PROBLEM =
Copy every entry exactly as given, minus the images.

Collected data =
----------
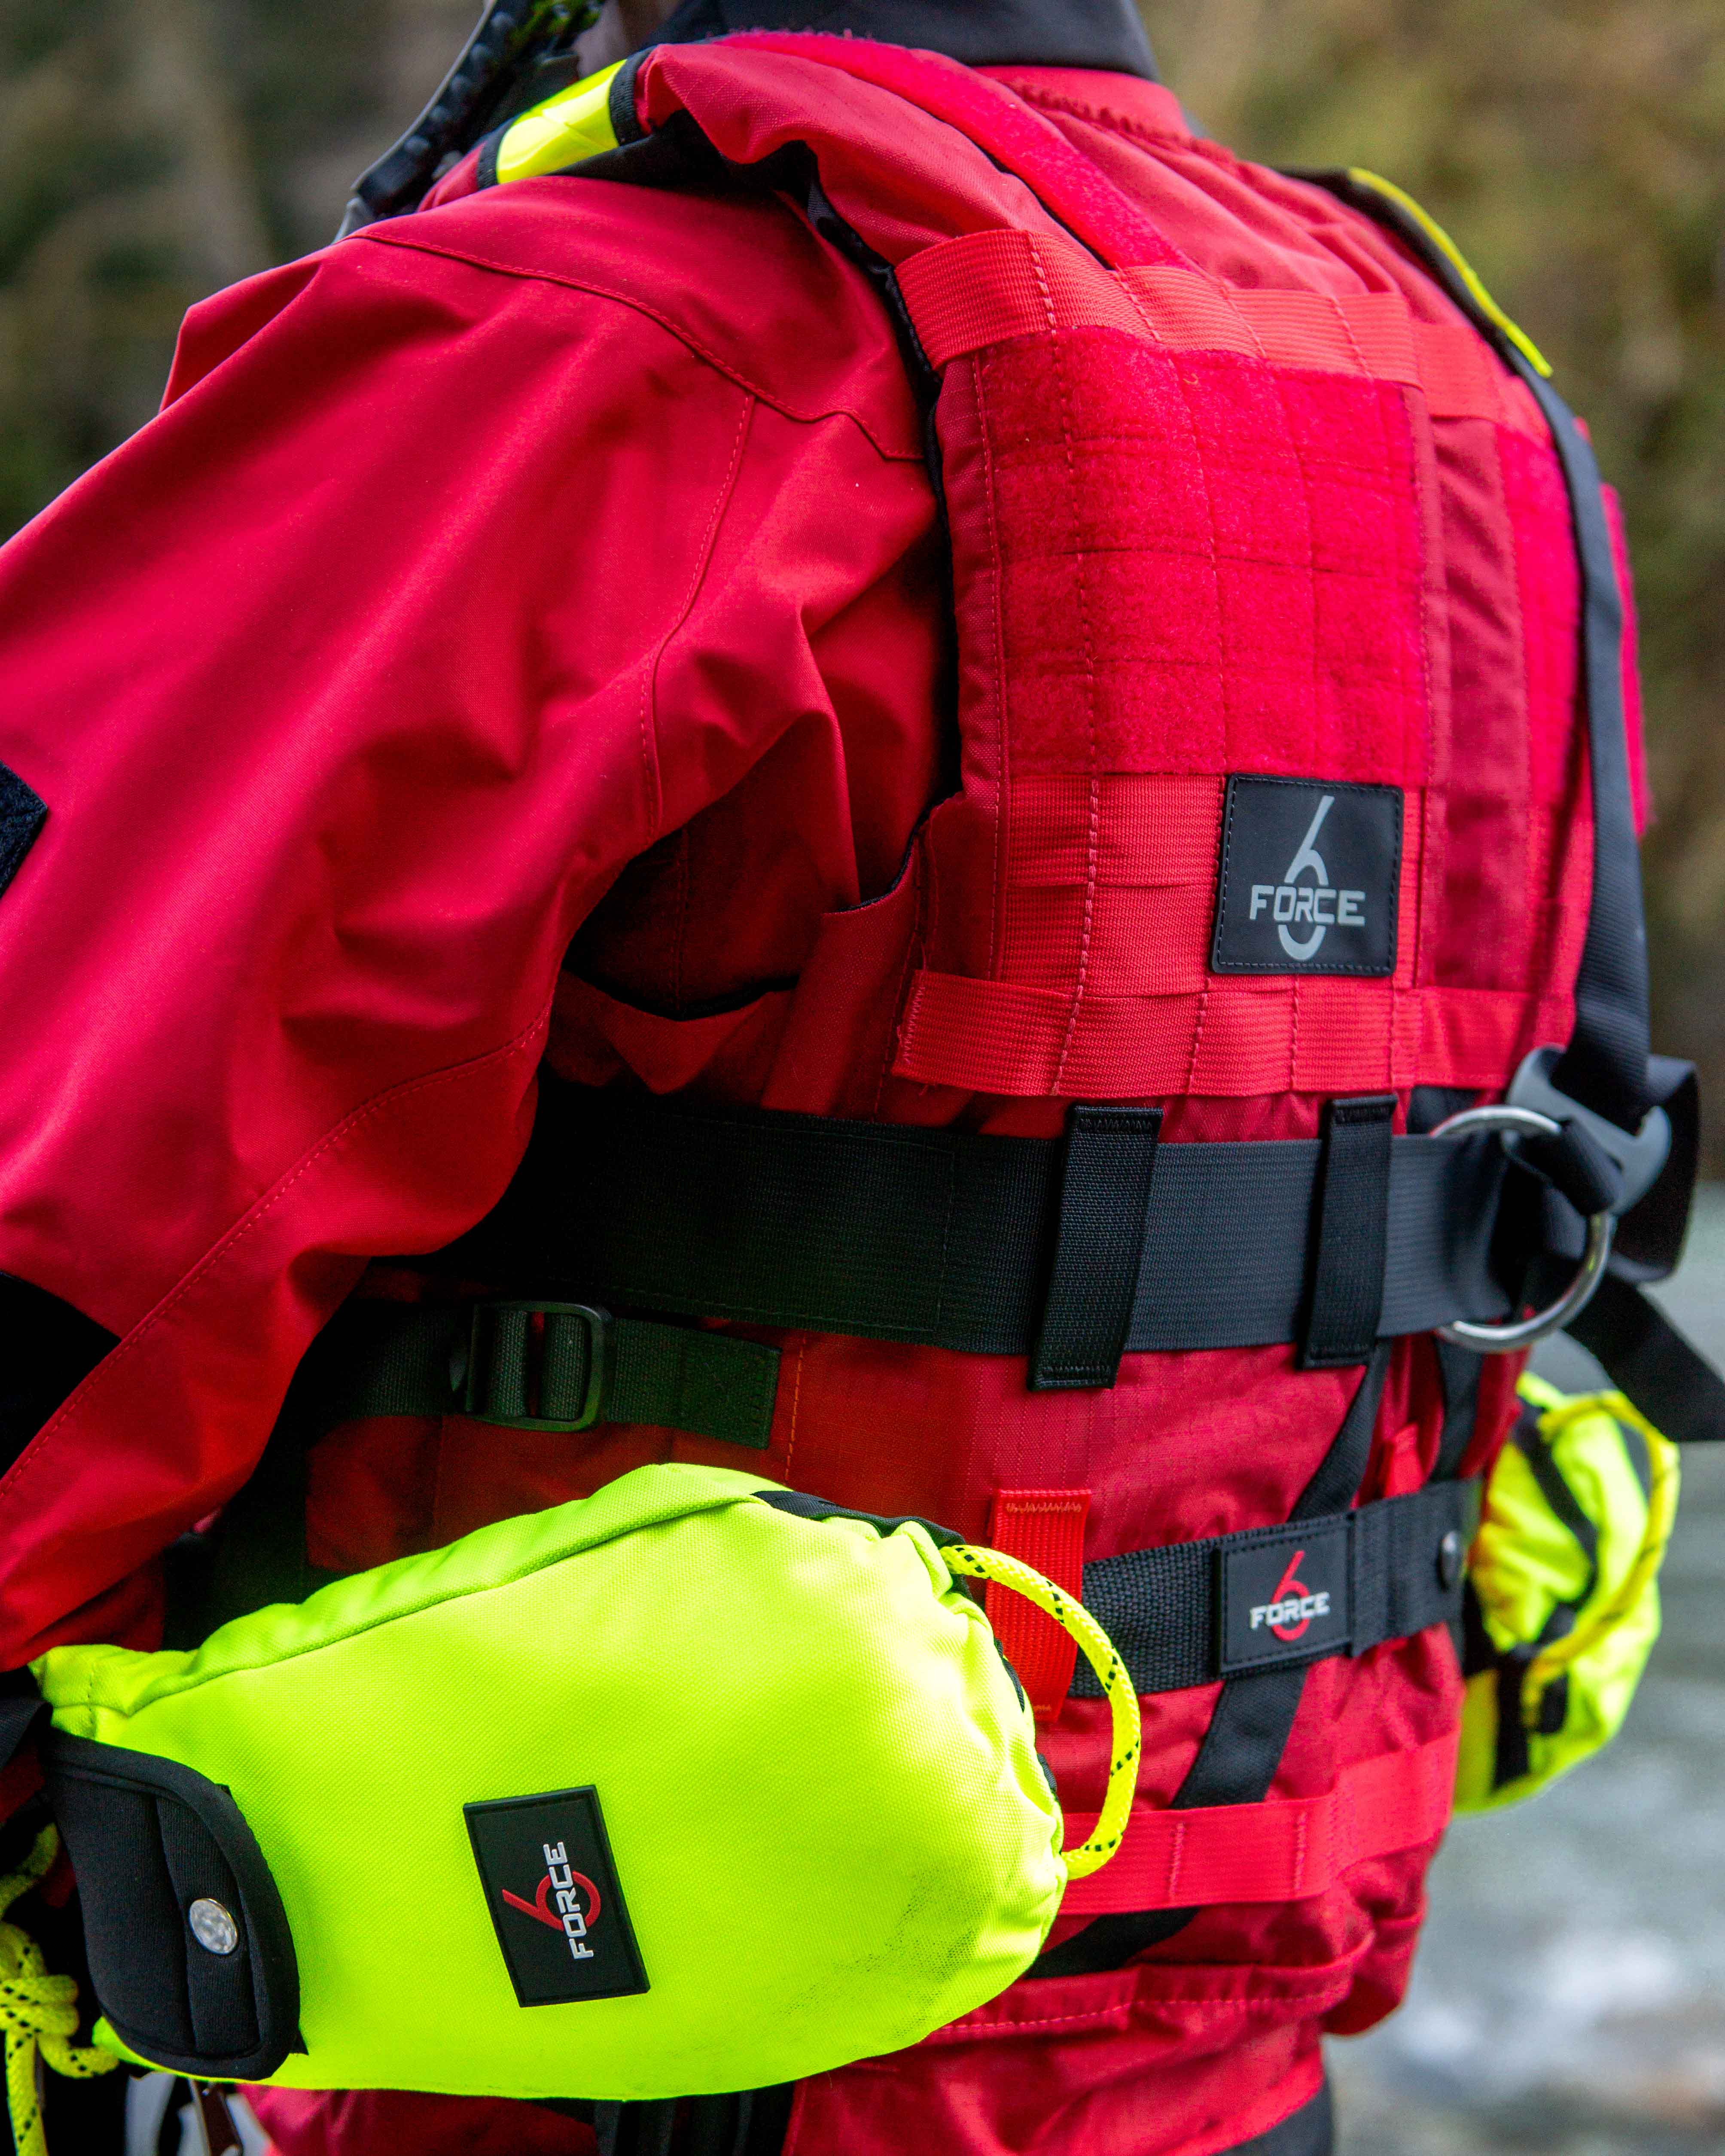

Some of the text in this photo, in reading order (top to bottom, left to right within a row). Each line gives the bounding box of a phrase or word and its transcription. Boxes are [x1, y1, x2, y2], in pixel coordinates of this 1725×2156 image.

[1250, 885, 1366, 927] FORCE
[1249, 1592, 1331, 1631] FORCE
[1270, 1550, 1311, 1642] 6
[502, 1870, 601, 1932] 6
[543, 1842, 594, 1959] FORCE
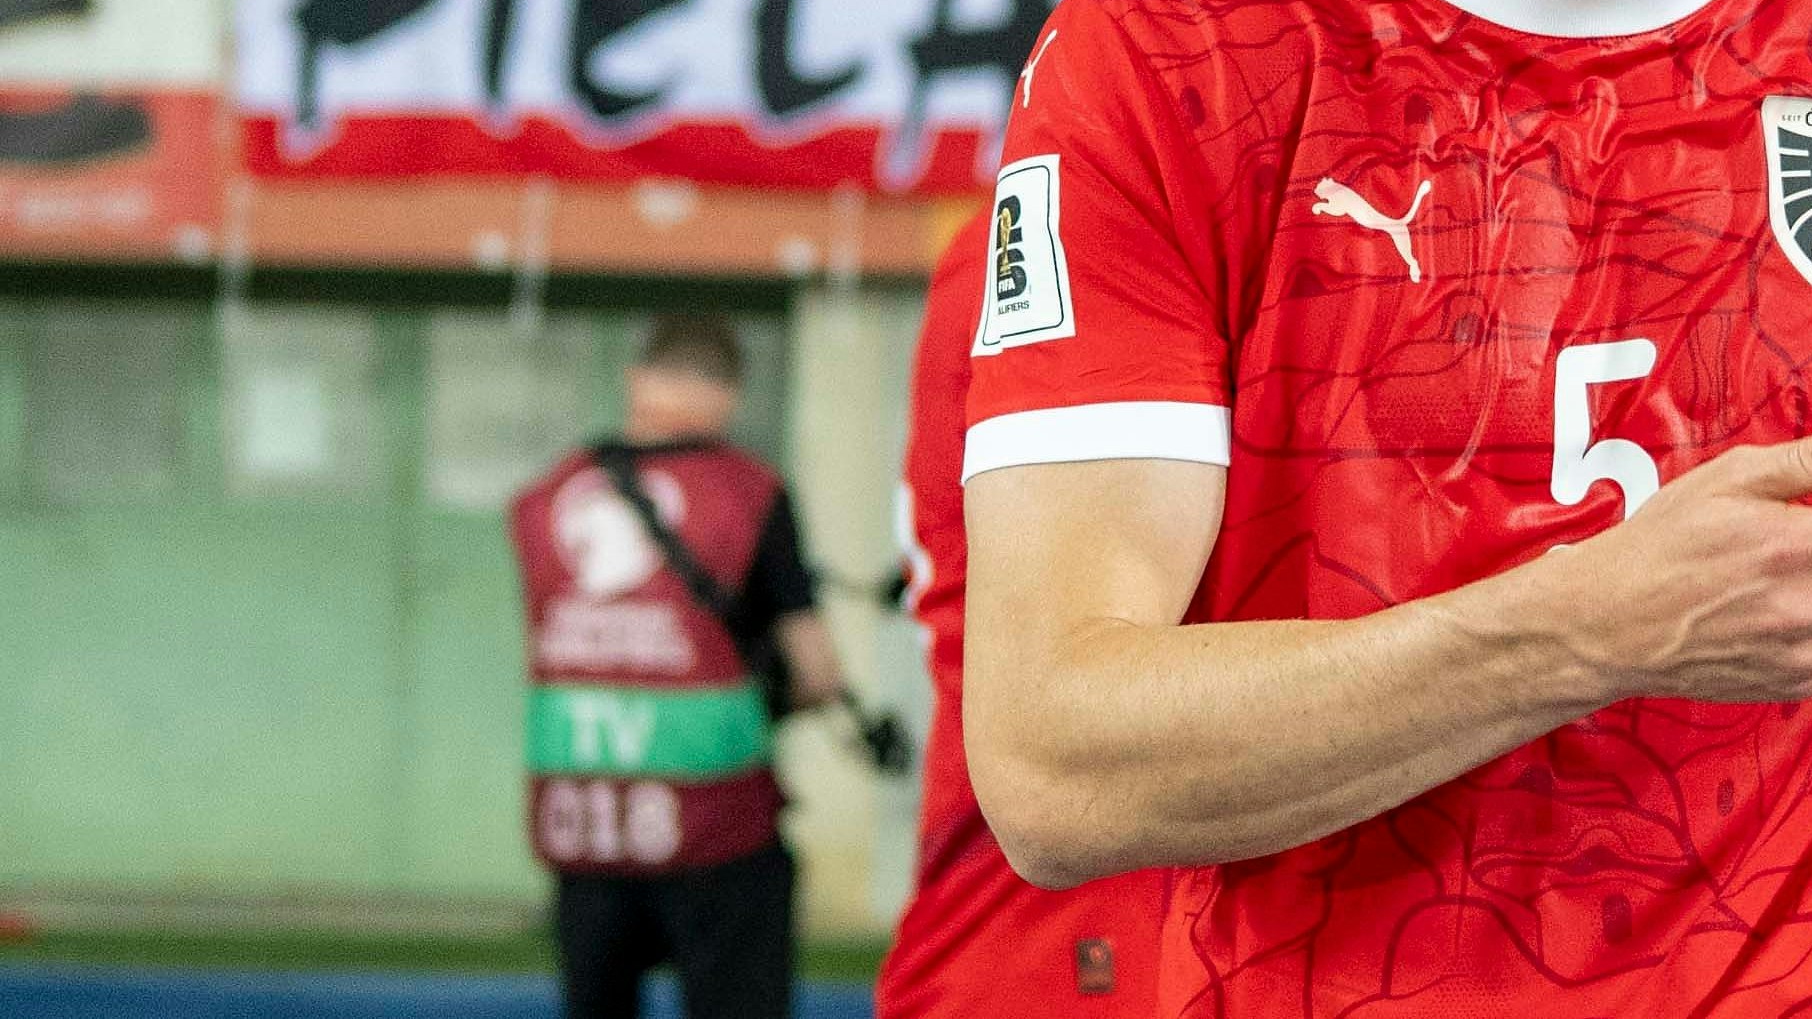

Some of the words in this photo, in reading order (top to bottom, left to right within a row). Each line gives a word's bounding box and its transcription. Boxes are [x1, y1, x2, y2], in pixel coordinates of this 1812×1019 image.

[1782, 114, 1801, 122] SEIT
[1551, 338, 1660, 521] 5
[571, 690, 657, 769] TV
----------
SOLUTION TO THIS PROBLEM =
Some of the text in this photo, in reading order (top to bottom, left to right within a row). Each line gives the bounding box of a phrase or word and its transcription. Boxes are [x1, y1, x2, y2], in pixel coordinates of this 1725×2156 image.

[1250, 885, 1366, 927] FORCE
[1249, 1592, 1331, 1631] FORCE
[1270, 1550, 1311, 1642] 6
[502, 1870, 601, 1932] 6
[543, 1842, 594, 1959] FORCE

Some of the words in this photo, in reading order (top to bottom, left to right within a row). Each line gives a word's bounding box and its transcription. Boxes are [x1, y1, x2, y2], in pixel coordinates of this 1812×1019 image.

[1782, 114, 1801, 122] SEIT
[1551, 338, 1660, 521] 5
[571, 690, 657, 769] TV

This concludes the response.